ABOUT THIS EXERCISE: Could you print each line of the material below exactly?

──────── INFORMATION

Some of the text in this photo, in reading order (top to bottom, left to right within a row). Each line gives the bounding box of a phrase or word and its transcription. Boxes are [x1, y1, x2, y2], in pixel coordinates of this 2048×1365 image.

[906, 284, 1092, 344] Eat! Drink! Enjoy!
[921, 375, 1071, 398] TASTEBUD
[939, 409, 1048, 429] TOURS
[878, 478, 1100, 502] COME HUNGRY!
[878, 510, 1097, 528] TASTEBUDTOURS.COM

────────────────

WRITTEN ANSWER:
Some of the text in this photo, in reading order (top to bottom, left to right within a row). Each line gives the bounding box of a phrase or word and its transcription. Boxes are [x1, y1, x2, y2], in pixel coordinates of this 2048×1365 image.

[906, 284, 1092, 344] Eat! Drink! Enjoy!
[921, 375, 1071, 398] TASTEBUD
[939, 409, 1048, 429] TOURS
[878, 478, 1100, 502] COME HUNGRY!
[878, 510, 1097, 528] TASTEBUDTOURS.COM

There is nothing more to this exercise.